Posted by Idiot/Savant : 1/05/2006 01:45:00 PM

it seems to me that some of this think tank stuff is about the old captial vs labour (note small L) division - the capital can afford expensive right wing think tanks, the labour have to rely on unions and universities to get the left arguments up.

Unions are only now recovering from the gutting they experienced in the 1990s, and are still a long way from the capacity for this kind of research that they might have had in the '80s if they had been interested in this kind of thing. While many unions are now employing a researcher (and of course the CTU does) what they are yet to start doing is agressively pushing the research they produce externally - in a similar way to the right wing groups. NZUSA (although not a union) and the CTU are about the only groups outside of the single issue think tanks such as CPAG that seem to do much public work promoting their arguments.

And as universities become more and more reliant on private funding the conscience stuff is being eroded...

Posted by Span : 1/05/2006 07:41:00 PM

Interesting article I/S.

Span- I've talked to a few left wing academics about the experience of Rogernomics and it sounds like trying to speak out against it was quite horrendous at the time. It all happened really fast and quite overwhelmingly- the right had their arguments all marshalled- and if you tried to speak against the program or even question aspects of it you got hammered for doing so- both in the media and sometimes in terms of your career. People like Jane Kelsey (and Brian Easton?) have since gone on to do alright but my impression is that it came at a high personal cost at the time.
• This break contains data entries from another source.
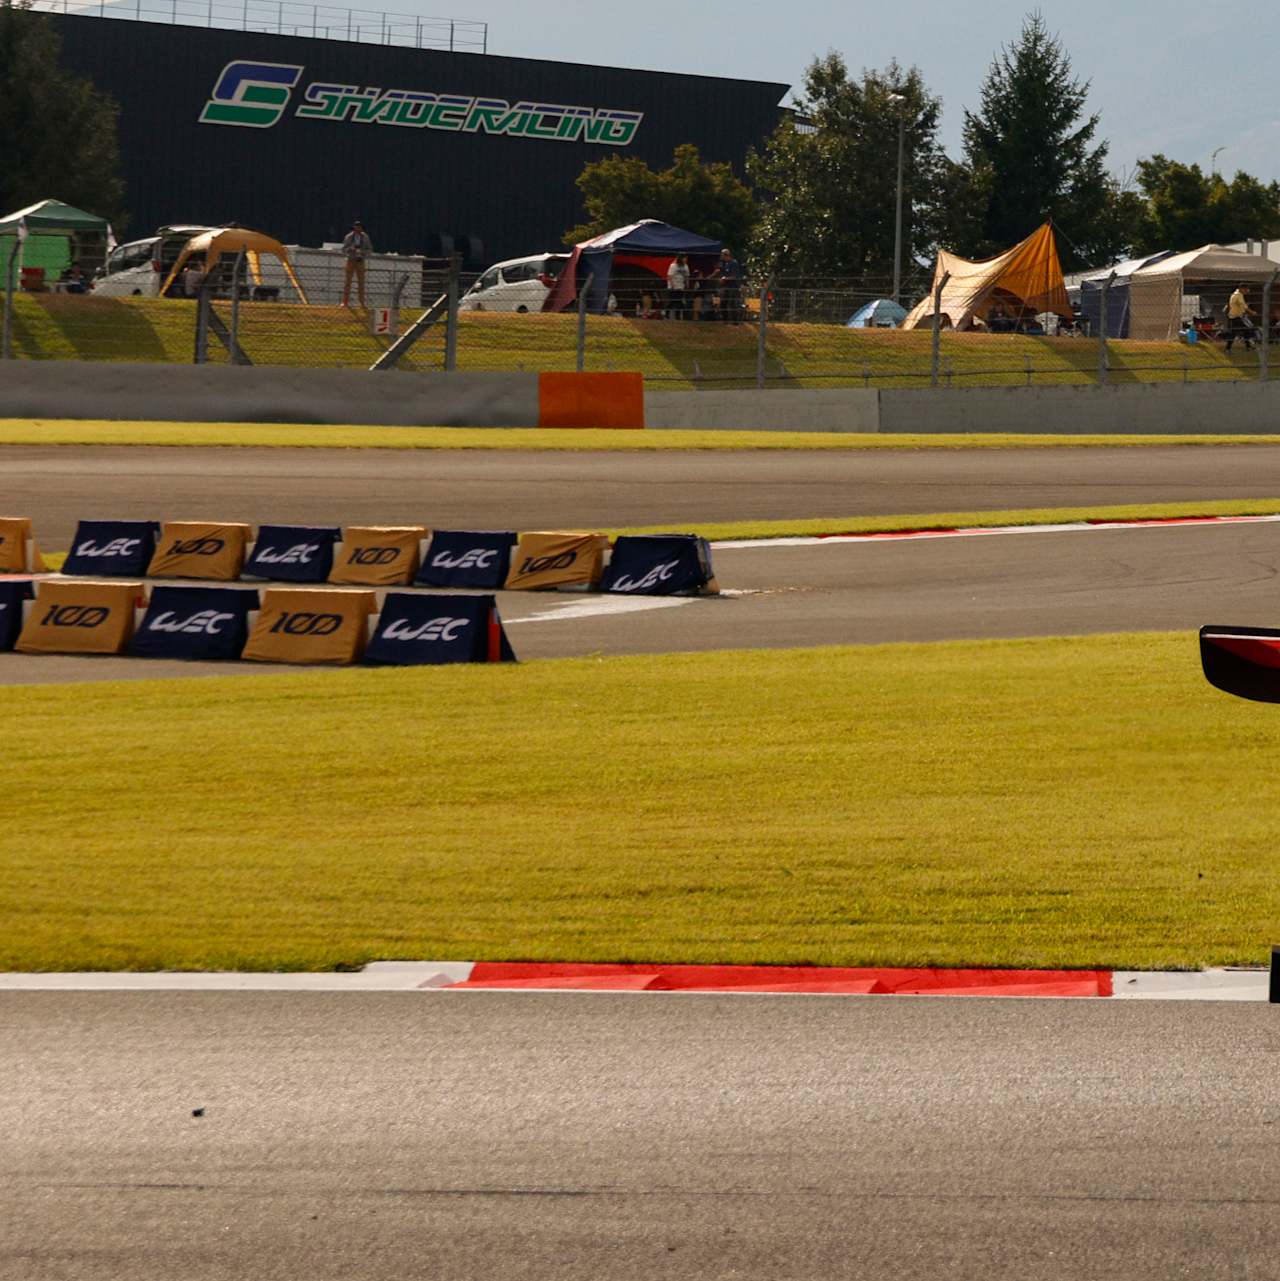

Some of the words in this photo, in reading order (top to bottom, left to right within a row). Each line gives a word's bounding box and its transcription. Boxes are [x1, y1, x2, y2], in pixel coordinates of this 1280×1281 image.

[75, 538, 141, 557] WEC
[256, 543, 319, 564] WEC
[431, 548, 498, 569] WEC
[610, 559, 680, 592] WEC
[149, 609, 235, 635] WEC
[381, 617, 470, 641] WEC
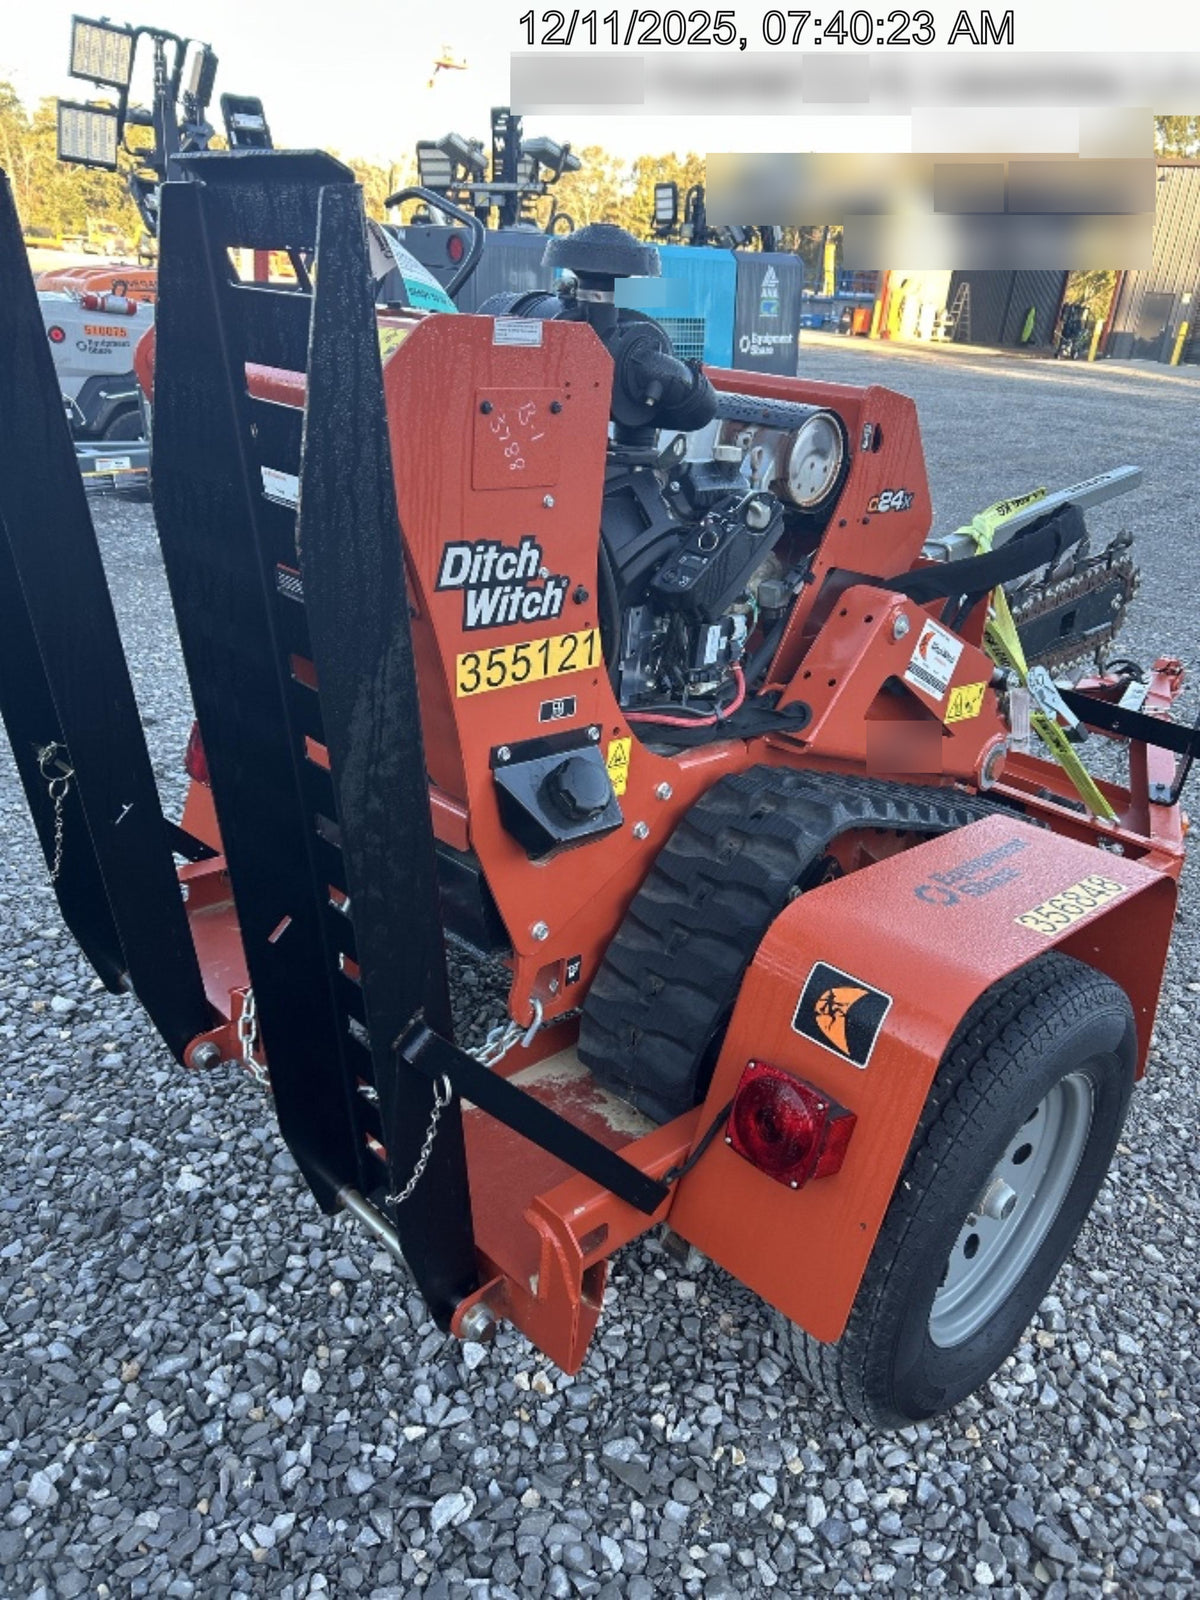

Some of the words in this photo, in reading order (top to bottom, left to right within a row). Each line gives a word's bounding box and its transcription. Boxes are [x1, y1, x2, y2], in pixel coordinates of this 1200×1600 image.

[437, 538, 541, 589] Ditch
[464, 579, 566, 628] Witch
[460, 630, 595, 693] 355121
[1018, 875, 1123, 934] 356848
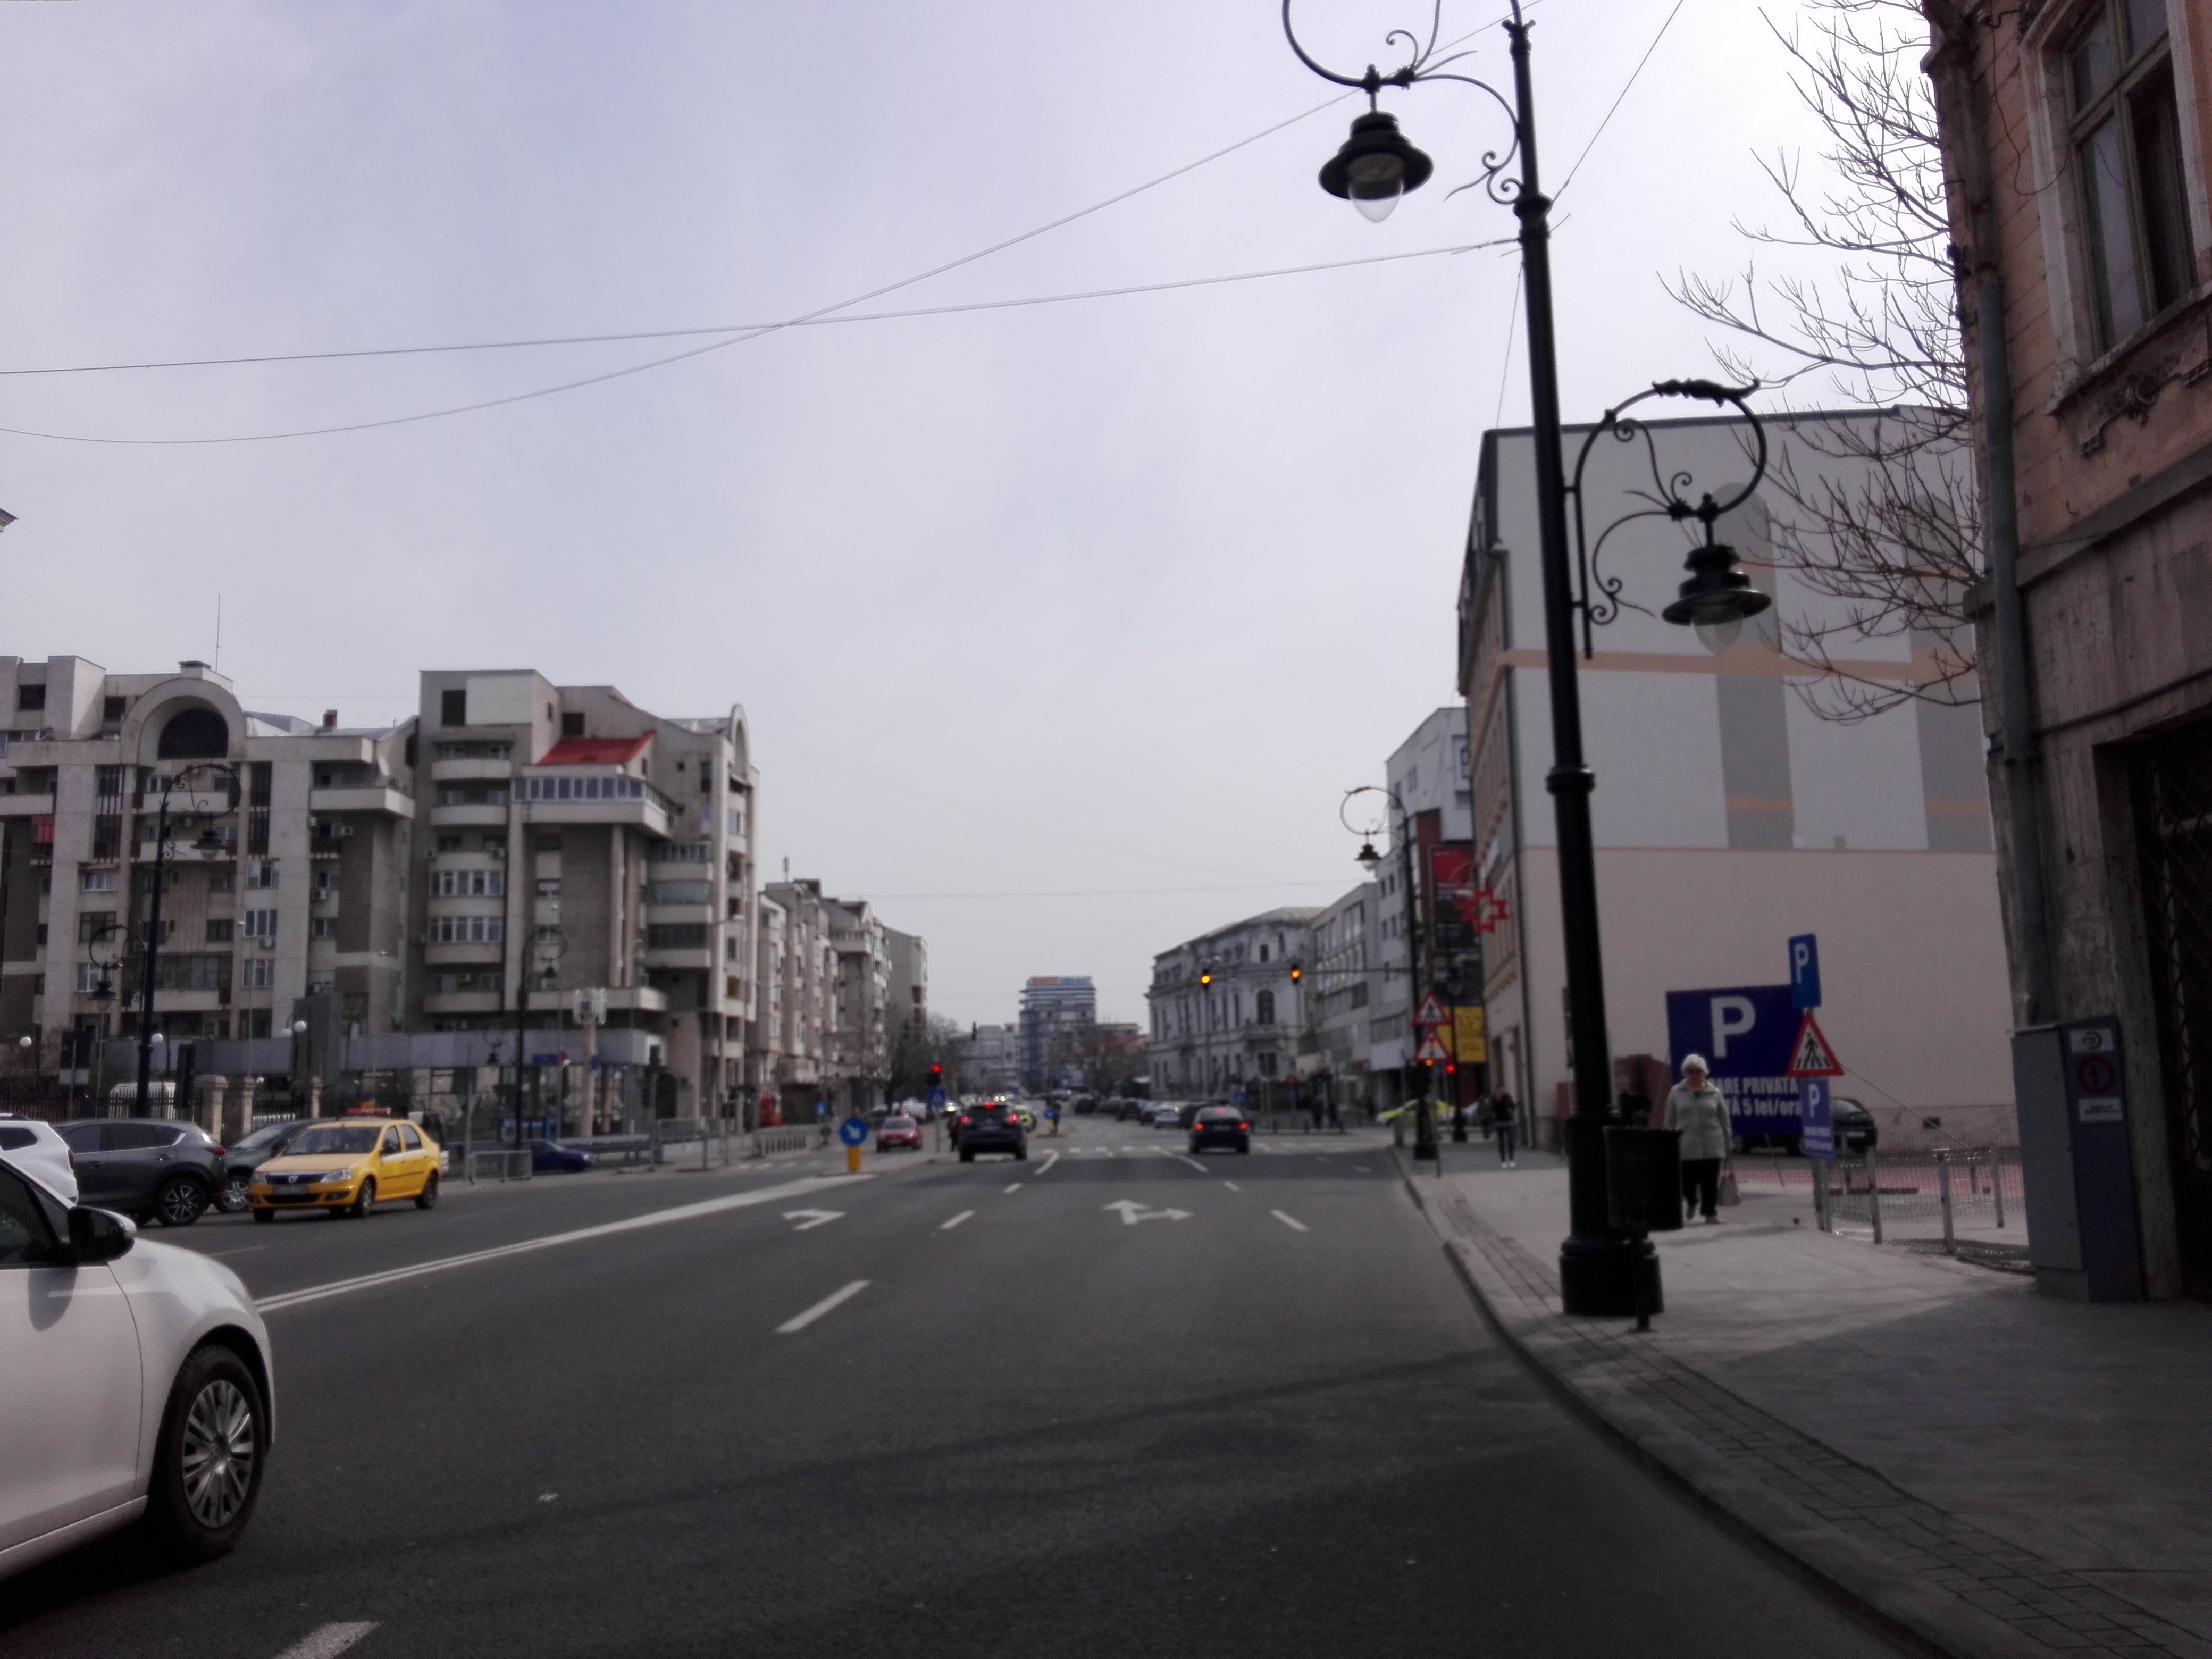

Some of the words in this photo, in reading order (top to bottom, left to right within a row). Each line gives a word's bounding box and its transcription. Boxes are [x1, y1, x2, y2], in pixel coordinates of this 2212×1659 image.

You are right that nowadays attracting external funding is a pressure that universities increasingly face making it harder to fulfill that conscience and critic role. A number of academics are doing what they can within this structure and are getting funding for projects which do have a social conscience flavour to them-some within business schools incidentally- but, the fact is that in New Zealand there is only ever going to be small pool of potential money to draw on with lots of people competing for it.

It's hard on unions too as they have a variety of functions they are meant to fulfill with lobbying and doing research only being one part of it all.

Networking is important. Overseas there is a bit of a movement towards collaborative research between unions and academics which I'd be quite keen to see more of happen here. See for eg http://www.yorku.ca/crws/aboutcrws.htm

Posted by Amanda : 1/05/2006 09:18:00 PM

Death Knell,

I see you are tolling for ACT.

Compare ACT's shoe-string campaign in 2005 with their luxurious romp in 2002, and try to honestly say that they're still as well funded as they used to be.

You are correct that that Alan Gibbs and the other elements of the NZ rich-list are still donating to ACT: but they're floating a lot more money in National's direction. This is a significant change.

National was offered so much money that they couldn't legally take it all: which is part of where the Exclusive Brethren stunt comes in as a half-million that didn't legally count as campaign funds for National.

Posted by Icehawk : 1/06/2006 10:15:00 AM

IceHawk:

I think the 'Global Warming is Cobblers' speaker they brought out would have received media if he came under his own steam as well.

It's a pet convenient theory of the rich, and their cronies and I don't think has any (for want of a better word) mainstream traction.

I think there are plenty of well-funded organisations that counteract this theory.

Previously the Alliance appeared to spend a lot of time arranging speaking tours, the Greens do that now. I think that the quality of speakers these people brought out and/or been associated with have had far better media coverage.

"As for Brash's connections doing him harm: um, no."

I meant in the public eye and in terms of votes. I am unaware of the actual funding although you had have to be in severe denial to not see that overall National's gain was ACT's loss.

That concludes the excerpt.